Dieci anni dopo il referendum sulla Brexit, il Regno Unito sta ancora facendo i conti con le conseguenze di quella votazione, soprattutto a livello economico. La promessa di sovranità si è trasformata in qualcosa di più complesso e incerto, che ha lasciato il posto a una domanda delicata: il Paese potrebbe rientrare nell’Unione europea? SEIDISERA ne ha discusso con Anton Spisak, ricercatore del Centro per la Riforma Europa, che sul tema ha da poco pubblicato uno studio.
“La Brexit ha assorbito gran parte delle energie politiche nell’ultimo decennio e ne stiamo vedendo le conseguenze solo ora”, dichiara il ricercatore, ricordando che, a causa dello strappo con l’UE, altre questioni sono stare messe da parte. Il decennio è stato perciò dominato da questo unico tema, che da slogan politico si è trasformato in una realtà concreta e costosa, di cui Spisak, che ha lavorato ai negoziati nel cuore del Governo, è pienamente cosciente. “Se si guarda allo stato del Paese, dei servizi pubblici, delle finanze, alla mancanza di crescita economica, penso che tutto possa essere ricondotto alla Brexit”, spiega. Un impatto che si è notato anche sugli investimenti: “Molte aziende hanno smesso di investire in Gran Bretagna a causa dell’incertezza. Le imprese preferiscono la stabilità”.
Anton Spisak, ricercatore del Centro per la Riforma Europa
Il Paese era stato messo in guardia sulle possibili ricadute economiche della Brexit dagli economisti, ma l’impatto potrebbe essere stato sottovalutato. Metà del commercio britannico rimane con l’Unione europea e, per questo motivo, il Governo sta parlando di un riavvicinamento.
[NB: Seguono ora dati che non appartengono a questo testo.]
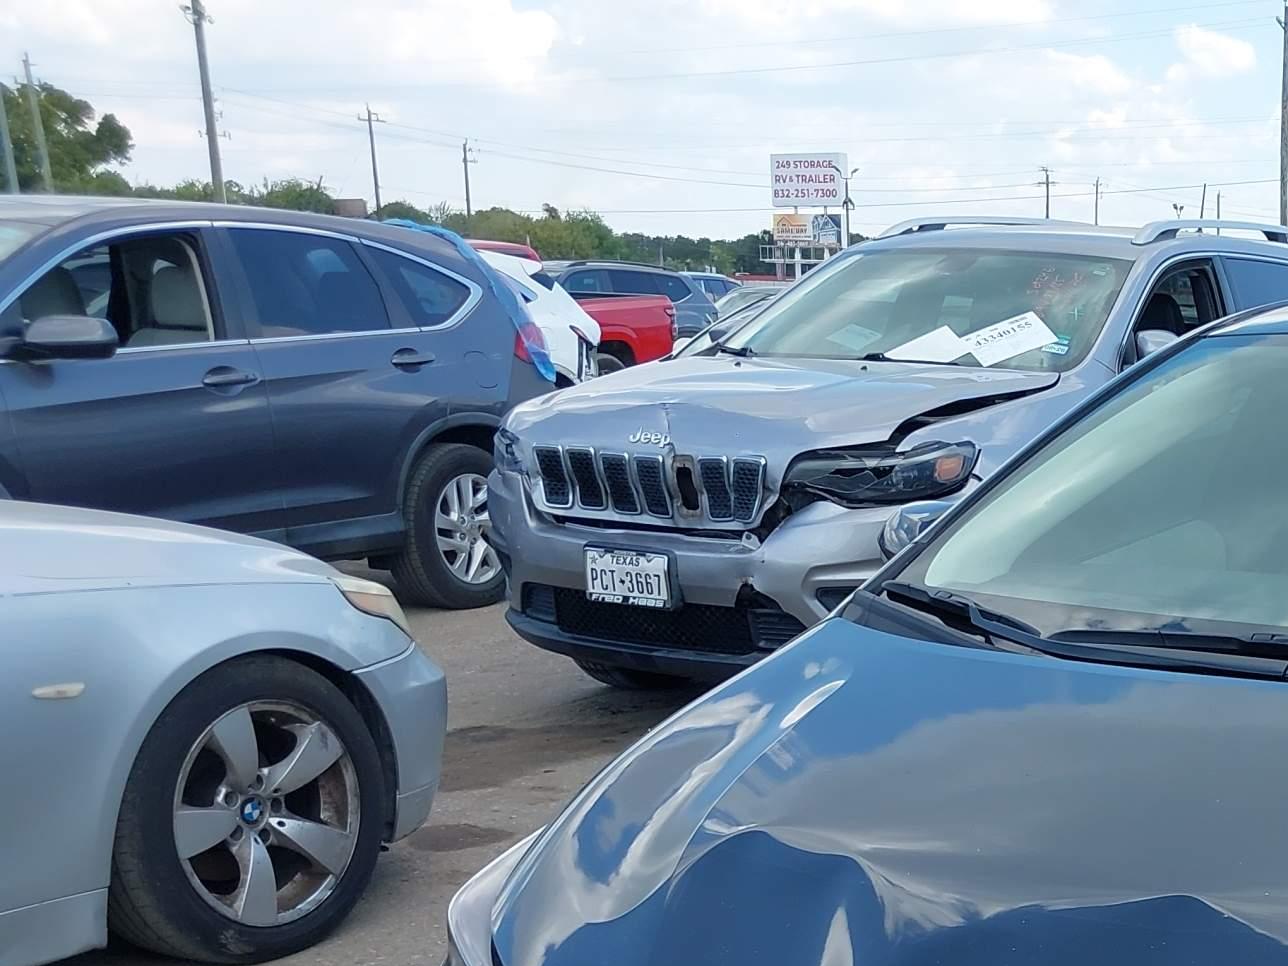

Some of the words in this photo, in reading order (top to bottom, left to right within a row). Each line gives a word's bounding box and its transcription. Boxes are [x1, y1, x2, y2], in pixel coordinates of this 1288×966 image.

[775, 160, 791, 169] 249
[793, 160, 833, 169] STORAGE
[775, 174, 789, 184] RV
[795, 174, 836, 184] TRAILER
[774, 188, 838, 198] 832-251-7300
[974, 321, 1033, 347] 43340155
[629, 426, 671, 448] Jeep
[610, 554, 641, 567] TEXAS
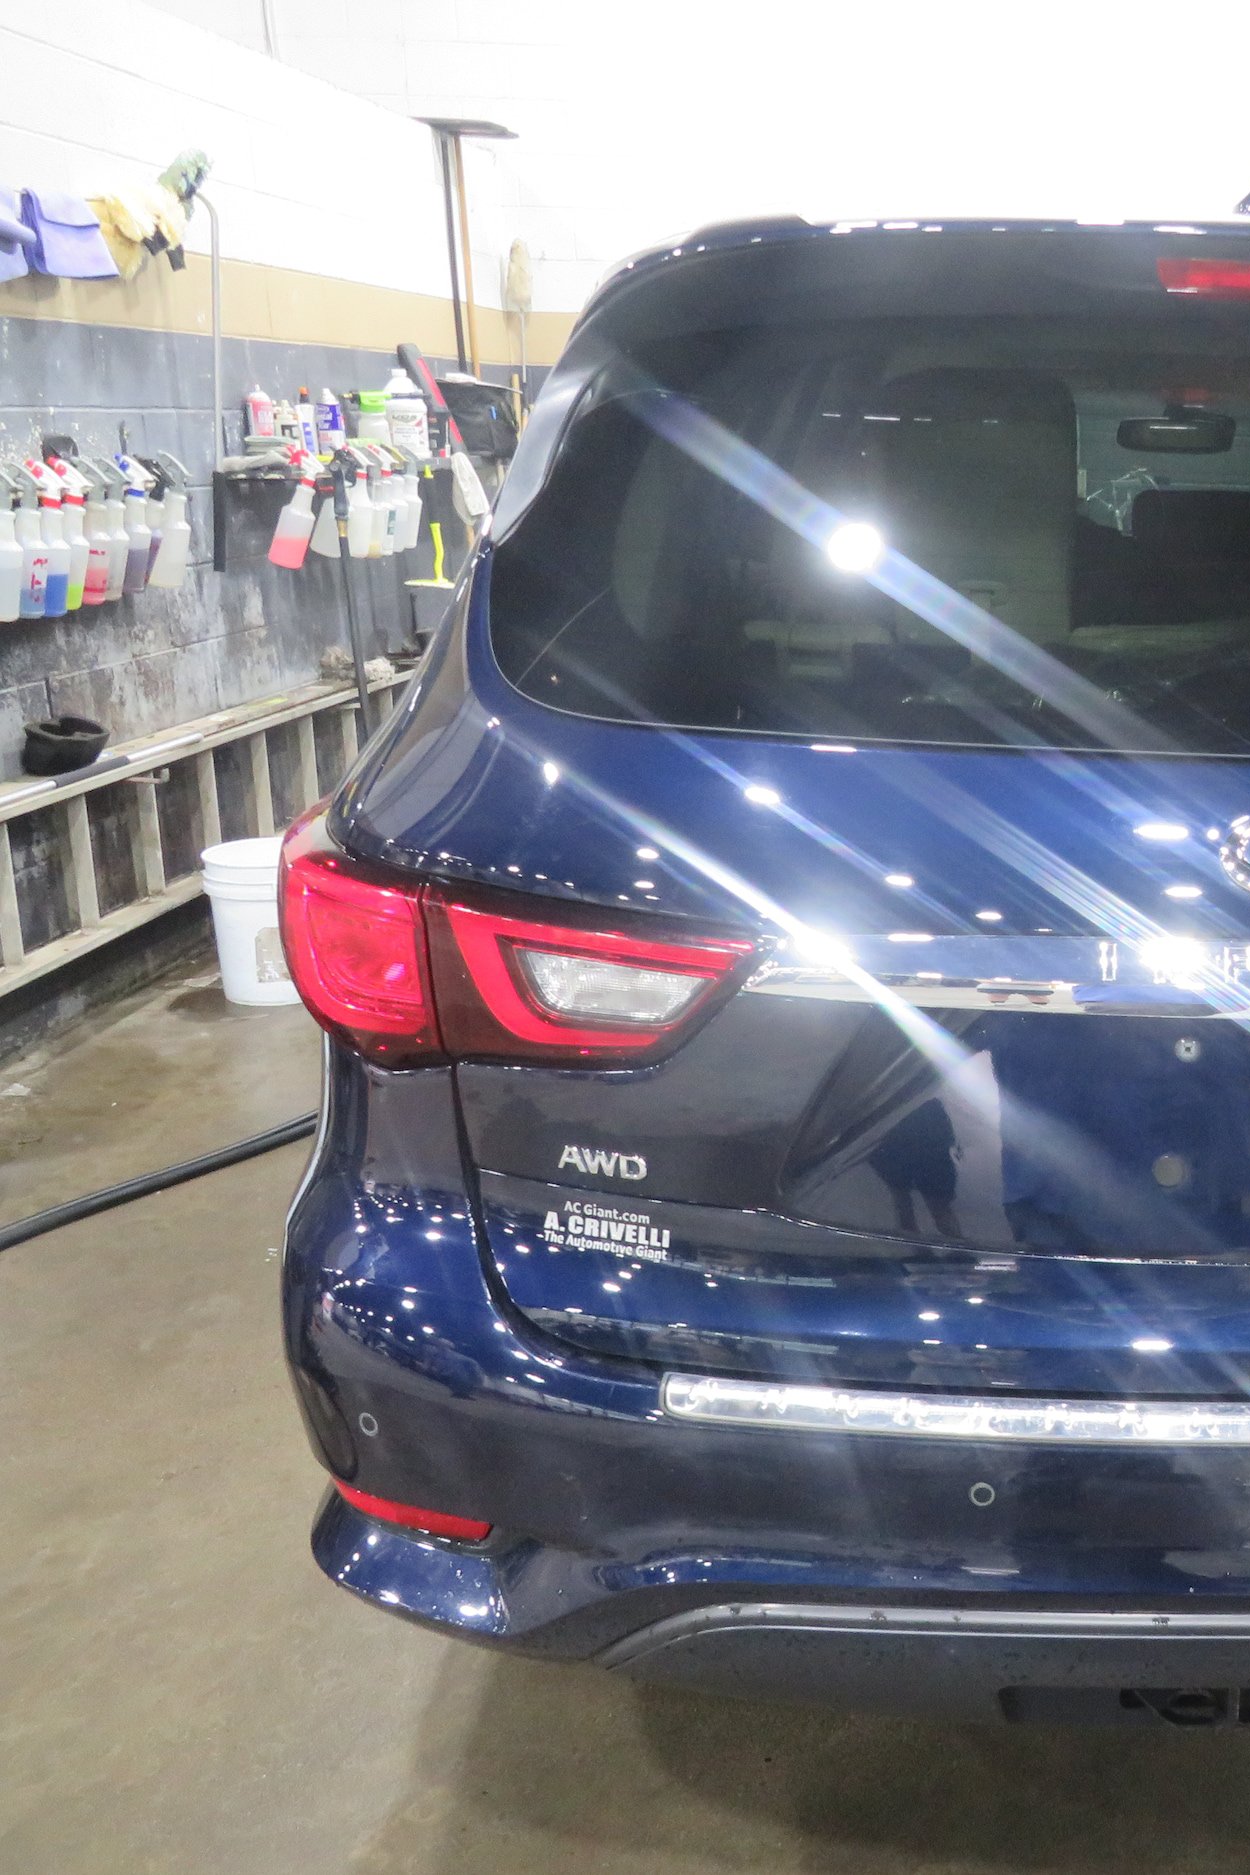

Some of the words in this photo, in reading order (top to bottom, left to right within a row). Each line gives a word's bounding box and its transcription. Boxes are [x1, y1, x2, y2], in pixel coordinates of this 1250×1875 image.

[558, 1144, 648, 1181] AWD
[543, 1211, 566, 1232] A.
[568, 1215, 671, 1248] CRIVELLI
[544, 1230, 565, 1244] The
[566, 1234, 633, 1256] Automotive
[635, 1246, 668, 1261] Giant
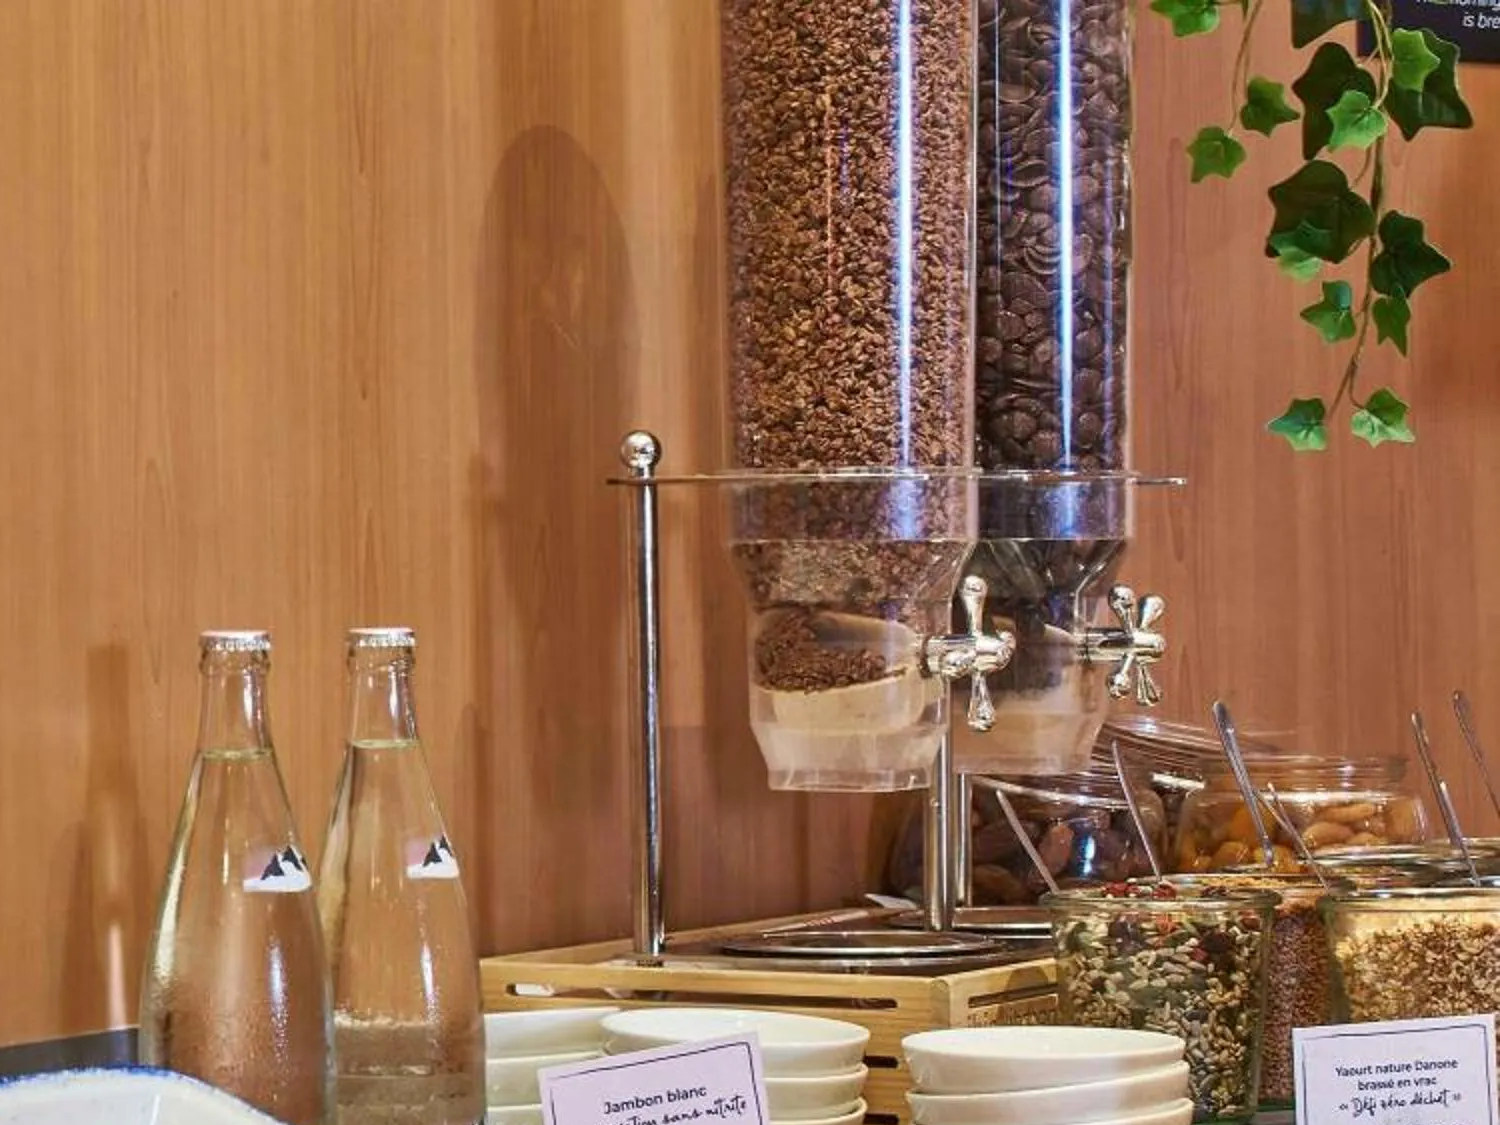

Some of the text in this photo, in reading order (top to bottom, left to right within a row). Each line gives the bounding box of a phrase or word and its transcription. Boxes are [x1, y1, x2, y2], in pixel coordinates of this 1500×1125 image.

Come può verificarsi? “Se si vuole davvero avvicinarsi all’UE, bisogna riconsiderare la questione dell’adesione al mercato unico, potenzialmente un’unione doganale”, questo comporterebbe però “decisioni politiche difficili, anche sulla libera circolazione delle persone, sulla quale credo che l’Unione europea insisterebbe”. Il prezzo da accettare sarebbe quindi politico.
I rapporti tra UE e Svizzera come esempio di collaborazione
Diversi politici britannici da tempo parlano di un avvicinamento che possa ricalcare quello tra UE e Svizzera, ma “non credo che molti di loro comprendano davvero, nella pratica, quale sia il rapporto tra la Confederazione e l’Unione europea”. Si tratta di relazioni che includono la libera circolazione delle persone, contributi finanziari e programmi europei, argomenti attualmente molto delicati da affrontare con l’opinione pubblica britannica.
Oggi, il 55% dei cittadini britannici voterebbe per restare nell’Unione europea, ma la questione è molto complessa. Per il Regno Unito il principale ostacolo politico per un riavvicinamento rimane l’immigrazione. La stessa questione che ha spinto alla Brexit. I britannici hanno, inoltre, diverse interpretazioni sulle ragioni per cui la Brexit non sia stata un successo e sono stanchi. “Se ora ci si rivolgesse ai britannici dicendo ‘riapriamo la questione, parliamo di rientrare nell’UE’, penso che probabilmente non vorrebbero affrontare questo dibattito in questo momento”.
Protesta contro la Brexit del 2019
La Brexit non è quindi più un evento o un tabù, ma un processo. “È possibile che tra dieci anni, a vent’anni dalla Brexit, staremo ancora discutendo su quale sia il giusto rapporto che la Gran Bretagna dovrebbe avere con l’UE”, conclude Spisak.